SUPPLIED INFORMATION =>

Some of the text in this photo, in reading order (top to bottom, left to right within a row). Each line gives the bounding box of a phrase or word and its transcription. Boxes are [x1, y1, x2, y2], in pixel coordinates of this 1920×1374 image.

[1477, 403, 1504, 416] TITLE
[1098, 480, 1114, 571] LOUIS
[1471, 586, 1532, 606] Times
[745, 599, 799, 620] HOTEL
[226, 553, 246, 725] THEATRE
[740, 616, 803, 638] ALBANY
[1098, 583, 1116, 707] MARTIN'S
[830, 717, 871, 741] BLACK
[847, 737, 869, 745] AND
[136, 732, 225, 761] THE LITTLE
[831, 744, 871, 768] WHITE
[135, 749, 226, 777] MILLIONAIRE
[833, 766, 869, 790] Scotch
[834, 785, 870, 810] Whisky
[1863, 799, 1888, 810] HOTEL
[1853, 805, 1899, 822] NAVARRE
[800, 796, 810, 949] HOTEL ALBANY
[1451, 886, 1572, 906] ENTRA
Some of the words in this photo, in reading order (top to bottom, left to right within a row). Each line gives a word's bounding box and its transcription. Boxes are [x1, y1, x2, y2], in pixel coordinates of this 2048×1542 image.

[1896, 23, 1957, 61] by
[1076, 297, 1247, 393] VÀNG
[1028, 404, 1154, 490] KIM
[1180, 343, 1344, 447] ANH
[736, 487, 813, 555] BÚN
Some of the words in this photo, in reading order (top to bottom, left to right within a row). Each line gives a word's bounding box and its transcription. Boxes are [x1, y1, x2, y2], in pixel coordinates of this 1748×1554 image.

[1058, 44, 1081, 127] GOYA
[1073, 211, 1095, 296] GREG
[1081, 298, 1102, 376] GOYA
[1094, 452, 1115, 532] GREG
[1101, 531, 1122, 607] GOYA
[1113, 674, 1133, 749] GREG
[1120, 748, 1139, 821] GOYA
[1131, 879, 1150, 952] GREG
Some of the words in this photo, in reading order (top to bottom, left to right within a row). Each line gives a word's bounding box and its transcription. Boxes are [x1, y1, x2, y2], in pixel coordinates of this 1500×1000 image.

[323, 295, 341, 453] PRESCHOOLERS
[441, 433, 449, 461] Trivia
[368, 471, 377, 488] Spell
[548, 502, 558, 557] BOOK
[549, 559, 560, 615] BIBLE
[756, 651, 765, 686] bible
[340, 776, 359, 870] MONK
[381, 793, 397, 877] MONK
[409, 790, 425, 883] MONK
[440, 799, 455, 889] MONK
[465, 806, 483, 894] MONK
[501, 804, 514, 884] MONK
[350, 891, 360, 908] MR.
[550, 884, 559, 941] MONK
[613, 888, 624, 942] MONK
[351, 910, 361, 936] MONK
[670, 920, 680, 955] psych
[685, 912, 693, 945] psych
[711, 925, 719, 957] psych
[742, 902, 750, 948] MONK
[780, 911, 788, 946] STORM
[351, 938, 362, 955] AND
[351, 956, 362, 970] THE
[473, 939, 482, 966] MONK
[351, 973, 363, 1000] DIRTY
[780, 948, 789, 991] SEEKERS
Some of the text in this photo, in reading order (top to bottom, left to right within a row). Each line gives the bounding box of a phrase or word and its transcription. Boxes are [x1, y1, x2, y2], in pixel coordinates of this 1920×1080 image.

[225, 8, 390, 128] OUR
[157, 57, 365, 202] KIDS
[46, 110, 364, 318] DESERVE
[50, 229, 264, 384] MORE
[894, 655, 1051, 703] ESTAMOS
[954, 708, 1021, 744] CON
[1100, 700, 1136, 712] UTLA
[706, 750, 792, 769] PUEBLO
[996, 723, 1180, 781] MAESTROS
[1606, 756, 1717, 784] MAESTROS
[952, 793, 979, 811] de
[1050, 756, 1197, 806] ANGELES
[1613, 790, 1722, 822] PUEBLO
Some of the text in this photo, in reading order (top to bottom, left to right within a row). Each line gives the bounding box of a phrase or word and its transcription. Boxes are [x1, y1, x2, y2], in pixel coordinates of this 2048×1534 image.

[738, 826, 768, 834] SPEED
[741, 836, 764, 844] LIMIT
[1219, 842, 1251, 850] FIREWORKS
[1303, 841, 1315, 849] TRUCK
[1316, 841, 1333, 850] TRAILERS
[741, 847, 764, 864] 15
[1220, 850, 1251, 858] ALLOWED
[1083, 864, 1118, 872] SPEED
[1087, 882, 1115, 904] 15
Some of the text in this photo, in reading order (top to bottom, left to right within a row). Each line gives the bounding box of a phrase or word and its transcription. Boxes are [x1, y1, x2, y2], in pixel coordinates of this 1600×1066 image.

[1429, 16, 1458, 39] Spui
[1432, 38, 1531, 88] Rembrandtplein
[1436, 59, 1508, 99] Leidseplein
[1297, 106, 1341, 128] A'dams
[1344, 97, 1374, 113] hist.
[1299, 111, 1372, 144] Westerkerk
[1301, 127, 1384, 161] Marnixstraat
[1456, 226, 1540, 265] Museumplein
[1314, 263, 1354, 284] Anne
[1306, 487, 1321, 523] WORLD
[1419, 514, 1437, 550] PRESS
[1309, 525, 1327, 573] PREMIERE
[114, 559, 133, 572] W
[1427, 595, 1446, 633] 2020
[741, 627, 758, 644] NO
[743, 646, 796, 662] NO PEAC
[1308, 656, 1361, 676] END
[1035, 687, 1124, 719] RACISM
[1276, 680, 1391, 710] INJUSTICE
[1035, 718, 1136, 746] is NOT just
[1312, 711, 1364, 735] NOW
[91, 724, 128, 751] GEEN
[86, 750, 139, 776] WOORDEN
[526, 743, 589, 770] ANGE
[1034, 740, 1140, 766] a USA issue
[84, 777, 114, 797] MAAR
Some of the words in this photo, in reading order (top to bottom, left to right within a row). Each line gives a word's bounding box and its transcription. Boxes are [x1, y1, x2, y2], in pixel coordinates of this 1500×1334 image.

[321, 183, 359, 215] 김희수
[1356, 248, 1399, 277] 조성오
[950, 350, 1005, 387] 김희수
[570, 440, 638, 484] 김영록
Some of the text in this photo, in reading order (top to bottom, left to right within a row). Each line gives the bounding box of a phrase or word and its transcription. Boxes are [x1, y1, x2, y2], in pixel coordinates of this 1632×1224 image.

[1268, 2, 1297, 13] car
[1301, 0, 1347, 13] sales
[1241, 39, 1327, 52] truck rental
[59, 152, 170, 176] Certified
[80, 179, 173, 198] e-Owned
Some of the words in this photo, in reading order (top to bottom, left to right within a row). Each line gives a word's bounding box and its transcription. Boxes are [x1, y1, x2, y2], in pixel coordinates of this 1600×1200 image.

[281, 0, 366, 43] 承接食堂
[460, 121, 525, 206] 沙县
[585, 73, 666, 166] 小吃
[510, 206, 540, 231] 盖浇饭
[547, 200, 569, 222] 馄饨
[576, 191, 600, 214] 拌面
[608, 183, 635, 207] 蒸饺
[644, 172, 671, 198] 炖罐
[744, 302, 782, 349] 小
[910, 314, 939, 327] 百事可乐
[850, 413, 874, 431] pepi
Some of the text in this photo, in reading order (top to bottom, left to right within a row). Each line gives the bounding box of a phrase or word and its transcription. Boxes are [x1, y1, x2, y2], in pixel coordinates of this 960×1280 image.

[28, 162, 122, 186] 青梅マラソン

EXERCISE DETAILS => Repeat the entries shown above, every one, word for word.

RESPONSE TO THE TASK =>
Some of the text in this photo, in reading order (top to bottom, left to right within a row). Each line gives the bounding box of a phrase or word and its transcription. Boxes are [x1, y1, x2, y2], in pixel coordinates of this 1920×1374 image.

[1477, 403, 1504, 416] TITLE
[1098, 480, 1114, 571] LOUIS
[1471, 586, 1532, 606] Times
[745, 599, 799, 620] HOTEL
[226, 553, 246, 725] THEATRE
[740, 616, 803, 638] ALBANY
[1098, 583, 1116, 707] MARTIN'S
[830, 717, 871, 741] BLACK
[847, 737, 869, 745] AND
[136, 732, 225, 761] THE LITTLE
[831, 744, 871, 768] WHITE
[135, 749, 226, 777] MILLIONAIRE
[833, 766, 869, 790] Scotch
[834, 785, 870, 810] Whisky
[1863, 799, 1888, 810] HOTEL
[1853, 805, 1899, 822] NAVARRE
[800, 796, 810, 949] HOTEL ALBANY
[1451, 886, 1572, 906] ENTRA
Some of the words in this photo, in reading order (top to bottom, left to right within a row). Each line gives a word's bounding box and its transcription. Boxes are [x1, y1, x2, y2], in pixel coordinates of this 2048×1542 image.

[1896, 23, 1957, 61] by
[1076, 297, 1247, 393] VÀNG
[1028, 404, 1154, 490] KIM
[1180, 343, 1344, 447] ANH
[736, 487, 813, 555] BÚN
Some of the words in this photo, in reading order (top to bottom, left to right within a row). Each line gives a word's bounding box and its transcription. Boxes are [x1, y1, x2, y2], in pixel coordinates of this 1748×1554 image.

[1058, 44, 1081, 127] GOYA
[1073, 211, 1095, 296] GREG
[1081, 298, 1102, 376] GOYA
[1094, 452, 1115, 532] GREG
[1101, 531, 1122, 607] GOYA
[1113, 674, 1133, 749] GREG
[1120, 748, 1139, 821] GOYA
[1131, 879, 1150, 952] GREG
Some of the words in this photo, in reading order (top to bottom, left to right within a row). Each line gives a word's bounding box and its transcription. Boxes are [x1, y1, x2, y2], in pixel coordinates of this 1500×1000 image.

[323, 295, 341, 453] PRESCHOOLERS
[441, 433, 449, 461] Trivia
[368, 471, 377, 488] Spell
[548, 502, 558, 557] BOOK
[549, 559, 560, 615] BIBLE
[756, 651, 765, 686] bible
[340, 776, 359, 870] MONK
[381, 793, 397, 877] MONK
[409, 790, 425, 883] MONK
[440, 799, 455, 889] MONK
[465, 806, 483, 894] MONK
[501, 804, 514, 884] MONK
[350, 891, 360, 908] MR.
[550, 884, 559, 941] MONK
[613, 888, 624, 942] MONK
[351, 910, 361, 936] MONK
[670, 920, 680, 955] psych
[685, 912, 693, 945] psych
[711, 925, 719, 957] psych
[742, 902, 750, 948] MONK
[780, 911, 788, 946] STORM
[351, 938, 362, 955] AND
[351, 956, 362, 970] THE
[473, 939, 482, 966] MONK
[351, 973, 363, 1000] DIRTY
[780, 948, 789, 991] SEEKERS
Some of the text in this photo, in reading order (top to bottom, left to right within a row). Each line gives the bounding box of a phrase or word and its transcription. Boxes are [x1, y1, x2, y2], in pixel coordinates of this 1920×1080 image.

[225, 8, 390, 128] OUR
[157, 57, 365, 202] KIDS
[46, 110, 364, 318] DESERVE
[50, 229, 264, 384] MORE
[894, 655, 1051, 703] ESTAMOS
[954, 708, 1021, 744] CON
[1100, 700, 1136, 712] UTLA
[706, 750, 792, 769] PUEBLO
[996, 723, 1180, 781] MAESTROS
[1606, 756, 1717, 784] MAESTROS
[952, 793, 979, 811] de
[1050, 756, 1197, 806] ANGELES
[1613, 790, 1722, 822] PUEBLO
Some of the text in this photo, in reading order (top to bottom, left to right within a row). Each line gives the bounding box of a phrase or word and its transcription. Boxes are [x1, y1, x2, y2], in pixel coordinates of this 2048×1534 image.

[738, 826, 768, 834] SPEED
[741, 836, 764, 844] LIMIT
[1219, 842, 1251, 850] FIREWORKS
[1303, 841, 1315, 849] TRUCK
[1316, 841, 1333, 850] TRAILERS
[741, 847, 764, 864] 15
[1220, 850, 1251, 858] ALLOWED
[1083, 864, 1118, 872] SPEED
[1087, 882, 1115, 904] 15
Some of the text in this photo, in reading order (top to bottom, left to right within a row). Each line gives the bounding box of a phrase or word and its transcription. Boxes are [x1, y1, x2, y2], in pixel coordinates of this 1600×1066 image.

[1429, 16, 1458, 39] Spui
[1432, 38, 1531, 88] Rembrandtplein
[1436, 59, 1508, 99] Leidseplein
[1297, 106, 1341, 128] A'dams
[1344, 97, 1374, 113] hist.
[1299, 111, 1372, 144] Westerkerk
[1301, 127, 1384, 161] Marnixstraat
[1456, 226, 1540, 265] Museumplein
[1314, 263, 1354, 284] Anne
[1306, 487, 1321, 523] WORLD
[1419, 514, 1437, 550] PRESS
[1309, 525, 1327, 573] PREMIERE
[114, 559, 133, 572] W
[1427, 595, 1446, 633] 2020
[741, 627, 758, 644] NO
[743, 646, 796, 662] NO PEAC
[1308, 656, 1361, 676] END
[1035, 687, 1124, 719] RACISM
[1276, 680, 1391, 710] INJUSTICE
[1035, 718, 1136, 746] is NOT just
[1312, 711, 1364, 735] NOW
[91, 724, 128, 751] GEEN
[86, 750, 139, 776] WOORDEN
[526, 743, 589, 770] ANGE
[1034, 740, 1140, 766] a USA issue
[84, 777, 114, 797] MAAR
Some of the words in this photo, in reading order (top to bottom, left to right within a row). Each line gives a word's bounding box and its transcription. Boxes are [x1, y1, x2, y2], in pixel coordinates of this 1500×1334 image.

[321, 183, 359, 215] 김희수
[1356, 248, 1399, 277] 조성오
[950, 350, 1005, 387] 김희수
[570, 440, 638, 484] 김영록
Some of the text in this photo, in reading order (top to bottom, left to right within a row). Each line gives the bounding box of a phrase or word and its transcription. Boxes are [x1, y1, x2, y2], in pixel coordinates of this 1632×1224 image.

[1268, 2, 1297, 13] car
[1301, 0, 1347, 13] sales
[1241, 39, 1327, 52] truck rental
[59, 152, 170, 176] Certified
[80, 179, 173, 198] e-Owned
Some of the words in this photo, in reading order (top to bottom, left to right within a row). Each line gives a word's bounding box and its transcription. Boxes are [x1, y1, x2, y2], in pixel coordinates of this 1600×1200 image.

[281, 0, 366, 43] 承接食堂
[460, 121, 525, 206] 沙县
[585, 73, 666, 166] 小吃
[510, 206, 540, 231] 盖浇饭
[547, 200, 569, 222] 馄饨
[576, 191, 600, 214] 拌面
[608, 183, 635, 207] 蒸饺
[644, 172, 671, 198] 炖罐
[744, 302, 782, 349] 小
[910, 314, 939, 327] 百事可乐
[850, 413, 874, 431] pepi
Some of the text in this photo, in reading order (top to bottom, left to right within a row). Each line gives the bounding box of a phrase or word and its transcription. Boxes are [x1, y1, x2, y2], in pixel coordinates of this 960×1280 image.

[28, 162, 122, 186] 青梅マラソン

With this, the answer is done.